(Free-text object descriptions)
..........
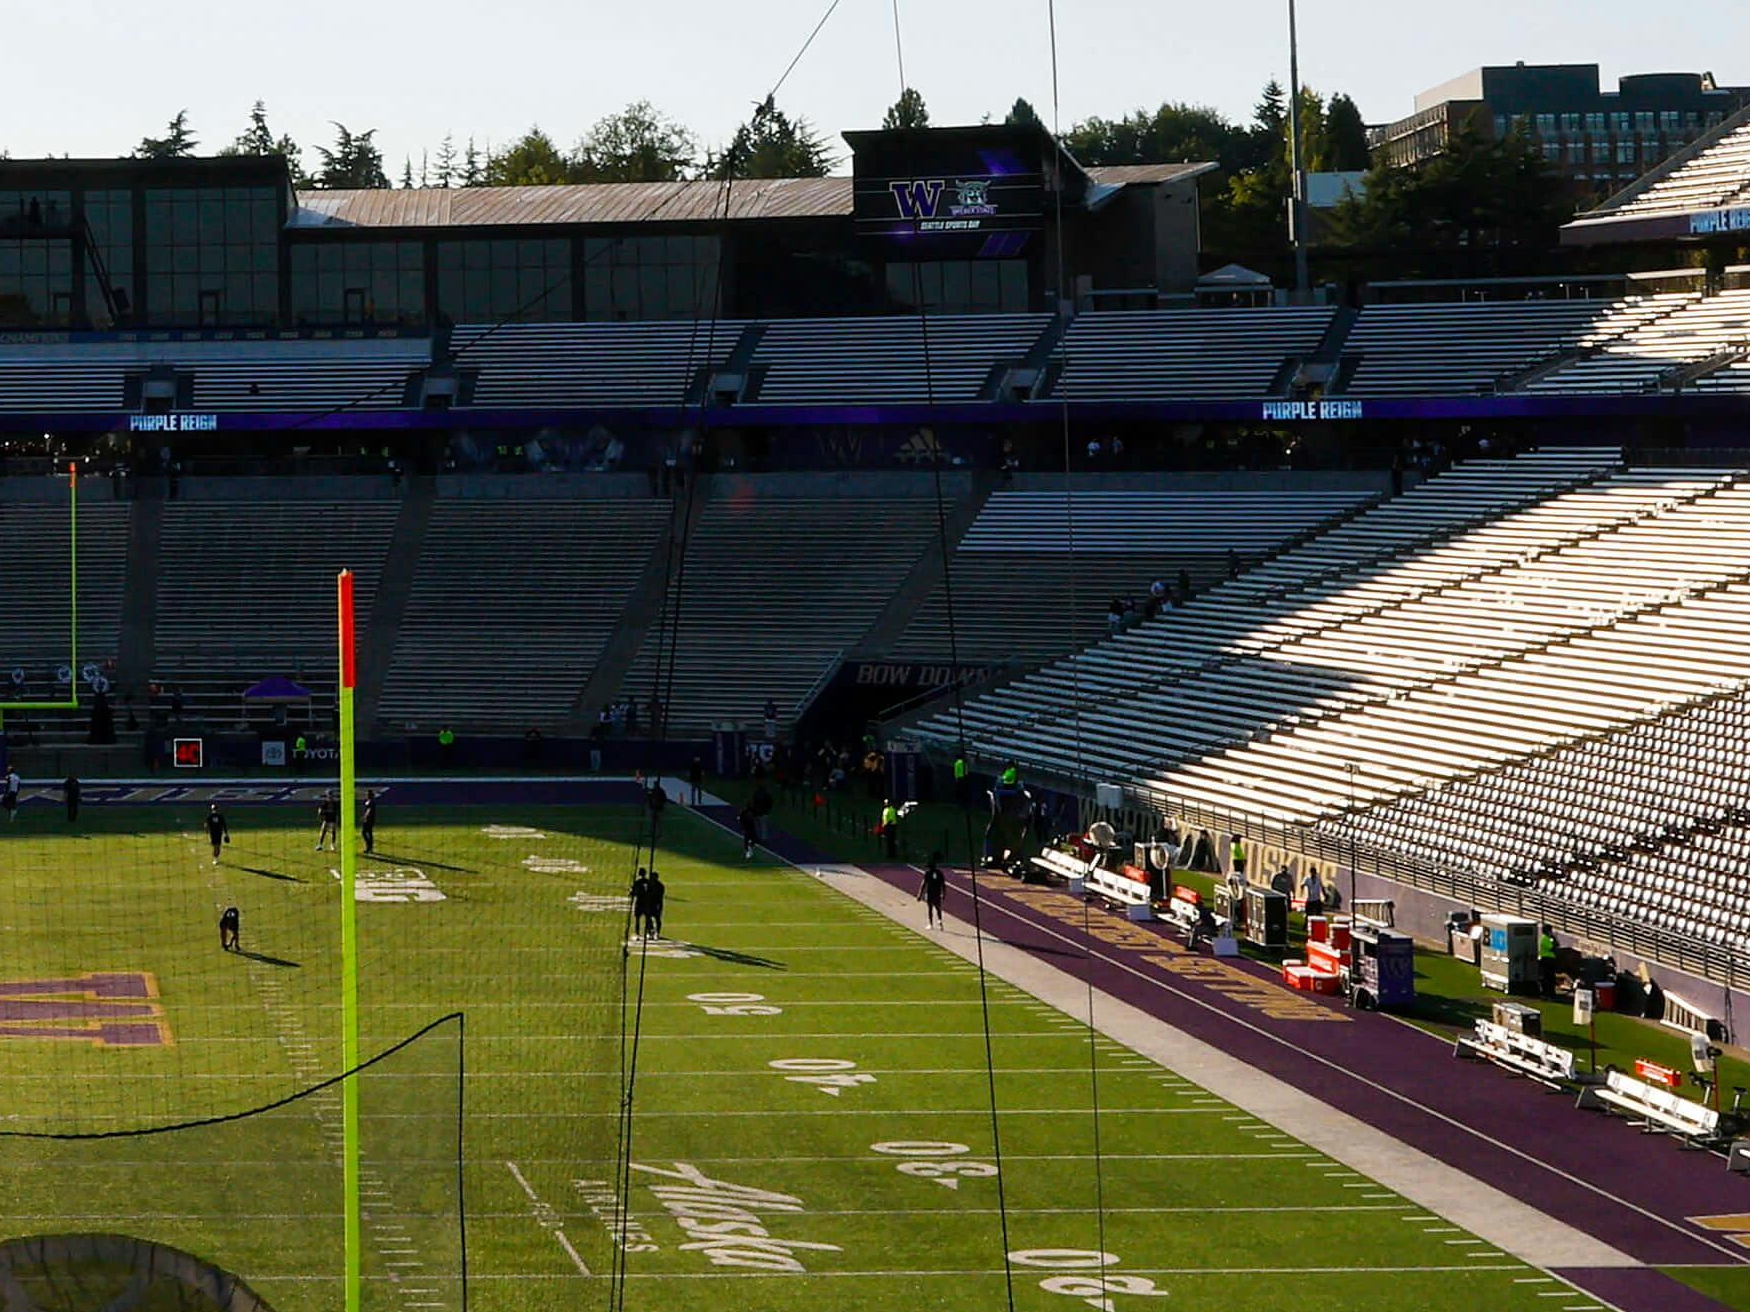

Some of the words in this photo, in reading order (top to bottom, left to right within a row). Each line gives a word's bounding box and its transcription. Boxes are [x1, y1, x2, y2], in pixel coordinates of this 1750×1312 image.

[889, 180, 945, 220] W
[1690, 210, 1729, 234] PURPLE
[130, 414, 178, 431] PURPLE
[180, 414, 217, 431] REIGN
[1262, 401, 1317, 420] PURPLE
[1320, 400, 1363, 419] REIGN
[855, 663, 911, 685] BOW
[686, 991, 783, 1017] 50
[768, 1058, 877, 1089] 40
[869, 1140, 998, 1179] 30
[627, 1161, 843, 1273] Alaska
[1006, 1248, 1168, 1300] 20
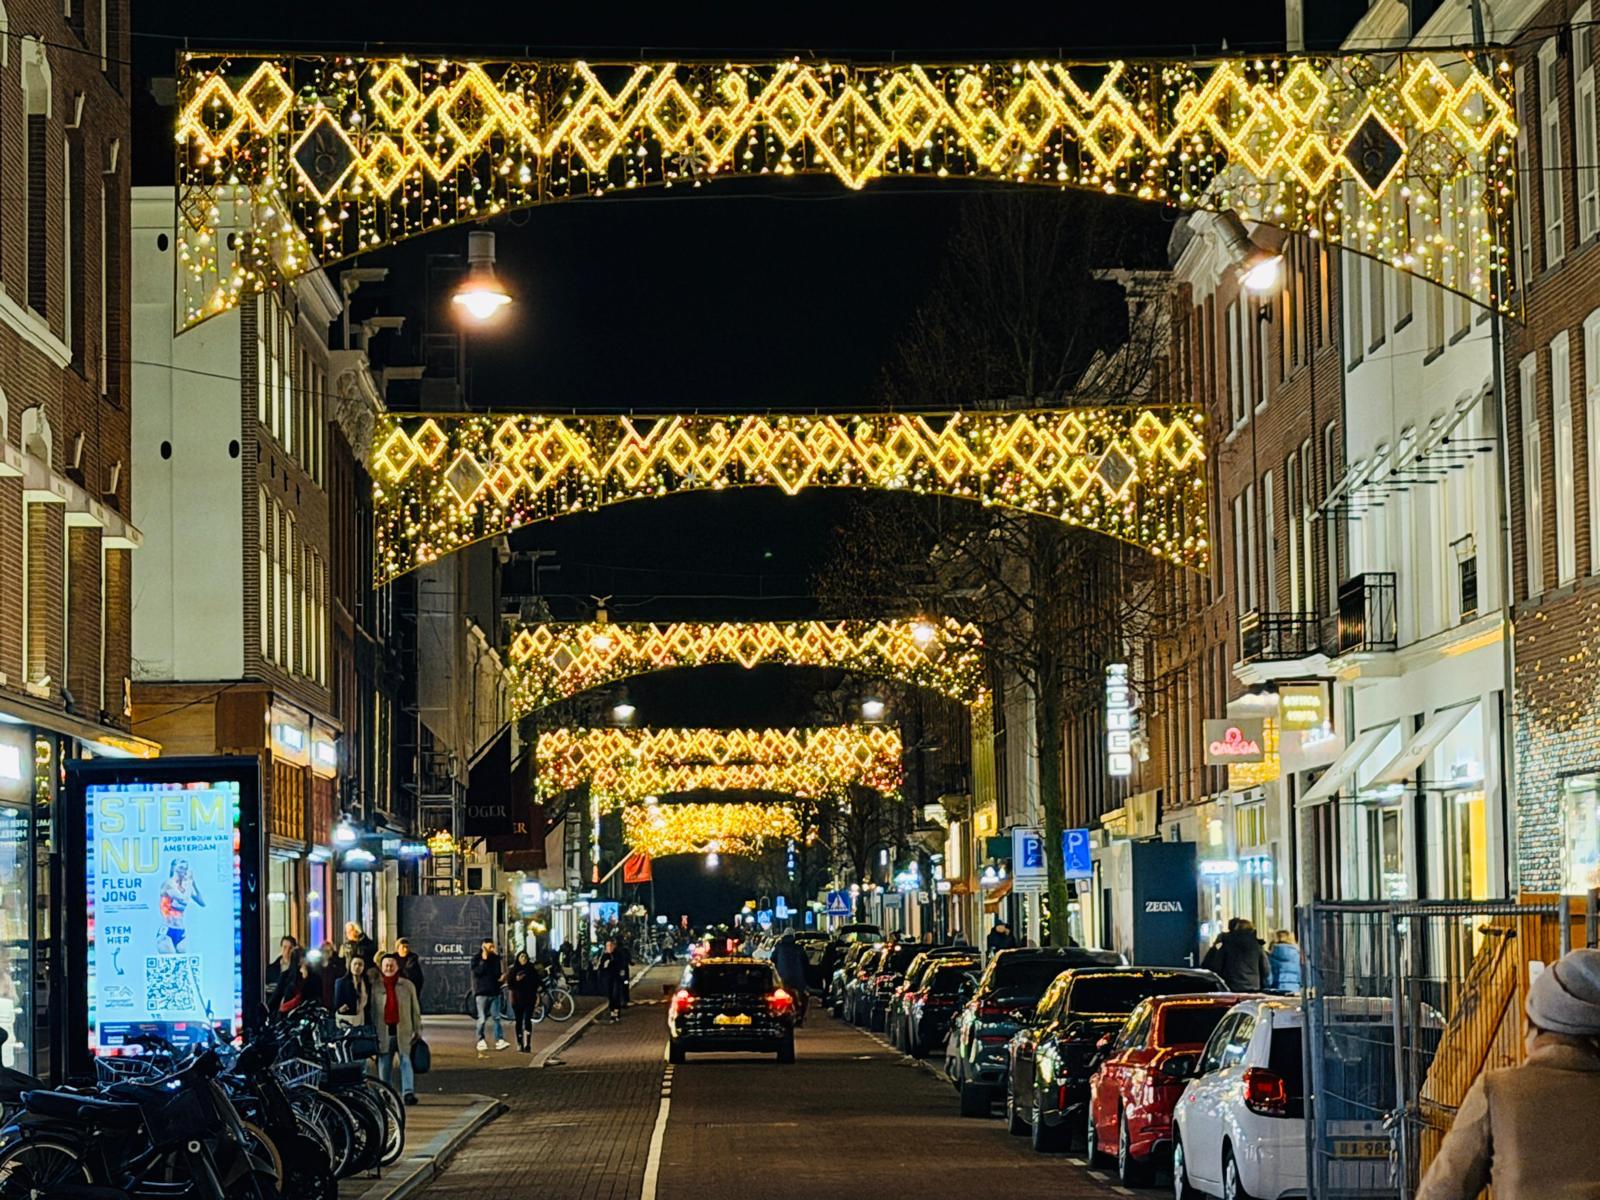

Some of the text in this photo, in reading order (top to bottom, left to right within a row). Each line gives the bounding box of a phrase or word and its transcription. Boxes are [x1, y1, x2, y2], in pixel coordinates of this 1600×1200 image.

[1209, 740, 1260, 756] OMEGA
[100, 795, 225, 833] STEM
[468, 804, 507, 818] OGER
[214, 834, 229, 842] VAN
[163, 843, 217, 853] AMSTERDAM
[101, 836, 160, 874] NU
[102, 878, 142, 889] FLEUR
[102, 890, 136, 902] JONG
[1145, 901, 1183, 913] ZEGNA
[104, 926, 132, 935] STEM
[106, 936, 130, 944] HIER
[434, 943, 464, 955] OGER
..........
What to do
The records above are to be transcribed word for word. Skip the images.

Answer to the exercise
Some of the words in this photo, in reading order (top to bottom, left to right within a row). Each line gives a word's bounding box and its transcription. Boxes are [x1, y1, x2, y2], in pixel coordinates of this 1750×1312 image.

[889, 180, 945, 220] W
[1690, 210, 1729, 234] PURPLE
[130, 414, 178, 431] PURPLE
[180, 414, 217, 431] REIGN
[1262, 401, 1317, 420] PURPLE
[1320, 400, 1363, 419] REIGN
[855, 663, 911, 685] BOW
[686, 991, 783, 1017] 50
[768, 1058, 877, 1089] 40
[869, 1140, 998, 1179] 30
[627, 1161, 843, 1273] Alaska
[1006, 1248, 1168, 1300] 20

Some of the text in this photo, in reading order (top to bottom, left to right within a row). Each line gives the bounding box of a phrase or word and its transcription. Boxes are [x1, y1, x2, y2], in pixel coordinates of this 1600×1200 image.

[1209, 740, 1260, 756] OMEGA
[100, 795, 225, 833] STEM
[468, 804, 507, 818] OGER
[214, 834, 229, 842] VAN
[163, 843, 217, 853] AMSTERDAM
[101, 836, 160, 874] NU
[102, 878, 142, 889] FLEUR
[102, 890, 136, 902] JONG
[1145, 901, 1183, 913] ZEGNA
[104, 926, 132, 935] STEM
[106, 936, 130, 944] HIER
[434, 943, 464, 955] OGER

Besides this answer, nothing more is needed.